1980 NCAA Division II Lacrosse Championship

Tournament information
- Sport: College lacrosse
- Location: Catonsville, Maryland
- Host(s): University of Maryland, Baltimore County
- Venue(s): UMBC Stadium
- Participants: 2

Final positions
- Champions: UMBC (1st title)
- Runner-up: Adelphi (2nd title game)

Tournament statistics
- Matches played: 1
- Goals scored: 37 (37 per match)
- Attendance: 834 (834 per match)
- Top scorer(s): Jay Robertson, UMBC (8)

= 1980 NCAA Division II lacrosse tournament =

The 1980 NCAA Division II Lacrosse Championship was the seventh annual single-elimination tournament to determine the national champions of NCAA Division II men's college lacrosse in the United States.
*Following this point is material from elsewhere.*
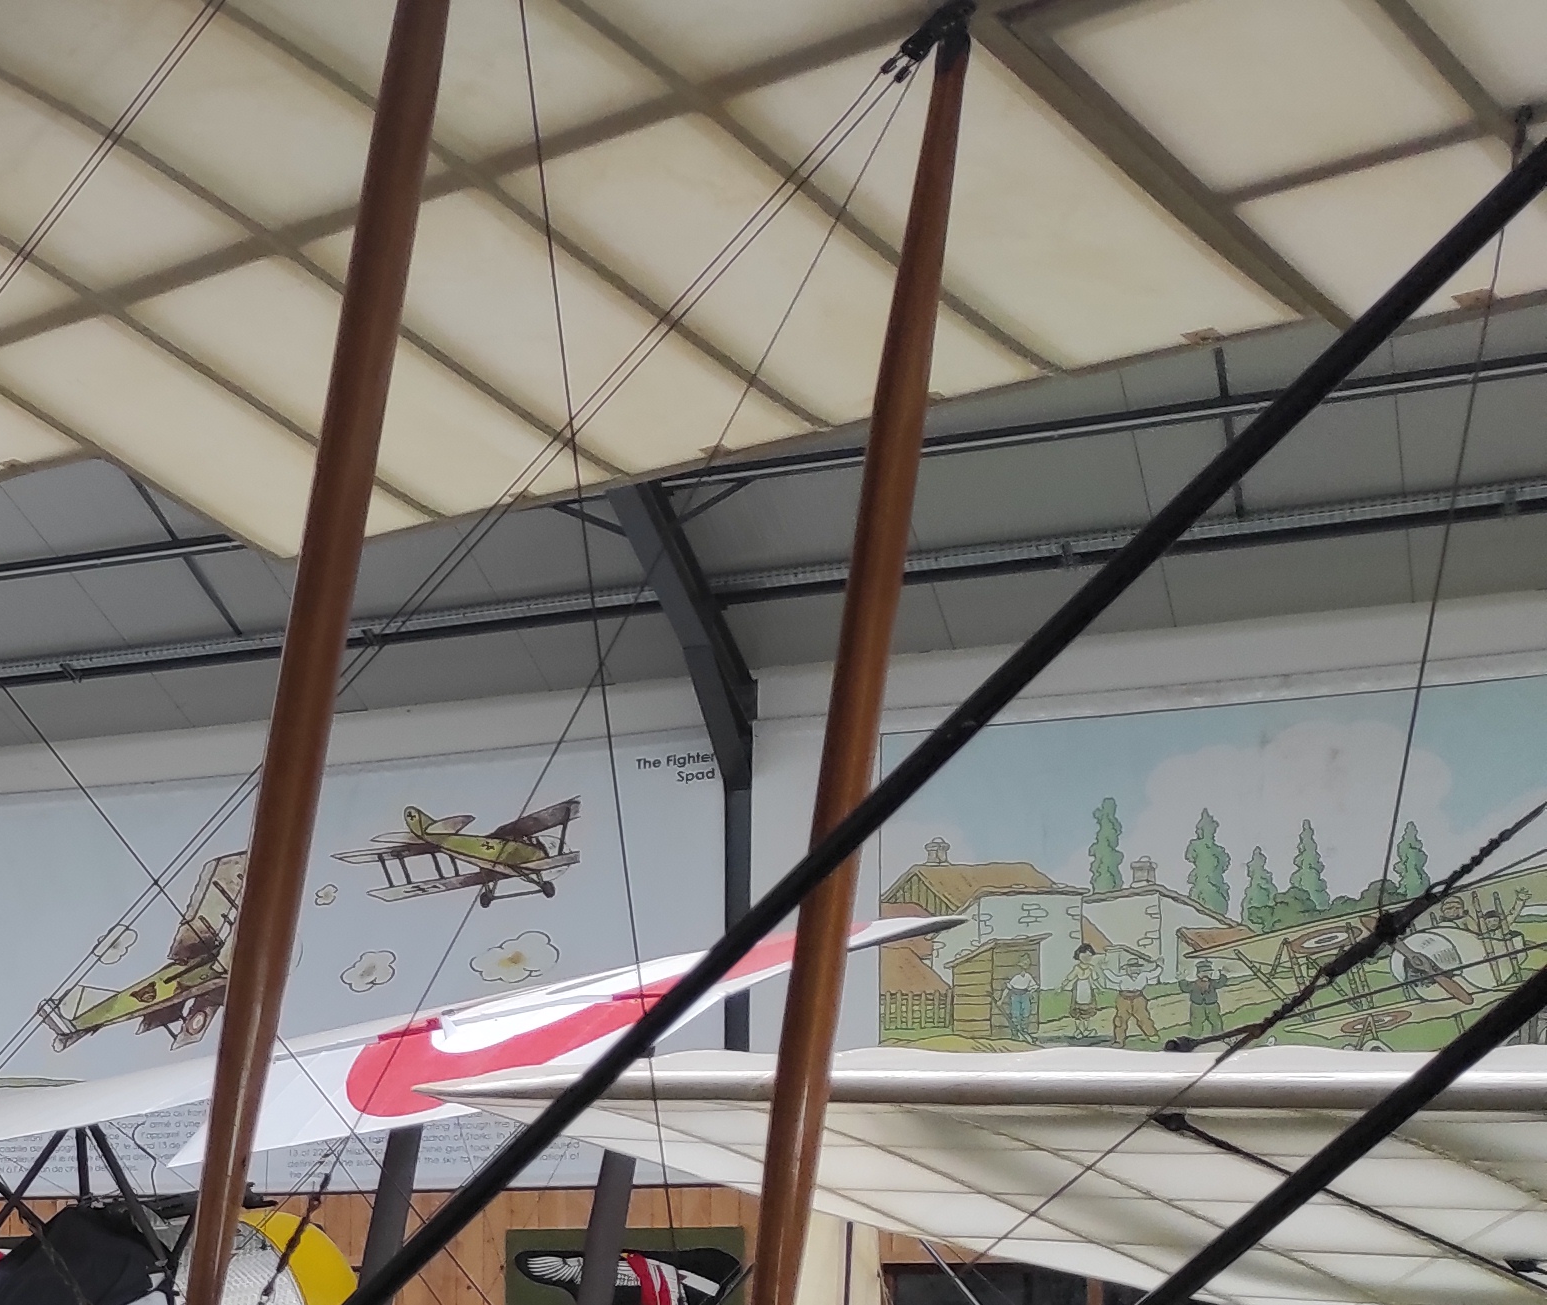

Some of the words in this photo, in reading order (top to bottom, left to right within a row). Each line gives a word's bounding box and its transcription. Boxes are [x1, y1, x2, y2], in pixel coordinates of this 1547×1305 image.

This was the first tournament exclusively for Division II men's programs following the introduction of a separate Division III men's championship. With the exodus of programs, the tournament field decreased from twelve to just two.

The final, and only match of the tournament, was played at UMBC Stadium at the University of Maryland, Baltimore County in Catonsville, Maryland.

In a rematch of the previous year's final, hosts UMBC defeated defending champions Adelphi, 23–14, to win their first national title. The Retrievers (11–3) were coached by Dick Watts.

==See also==
- 1980 NCAA Division I Lacrosse Championship
- 1980 NCAA Division III Lacrosse Championship (inaugural edition)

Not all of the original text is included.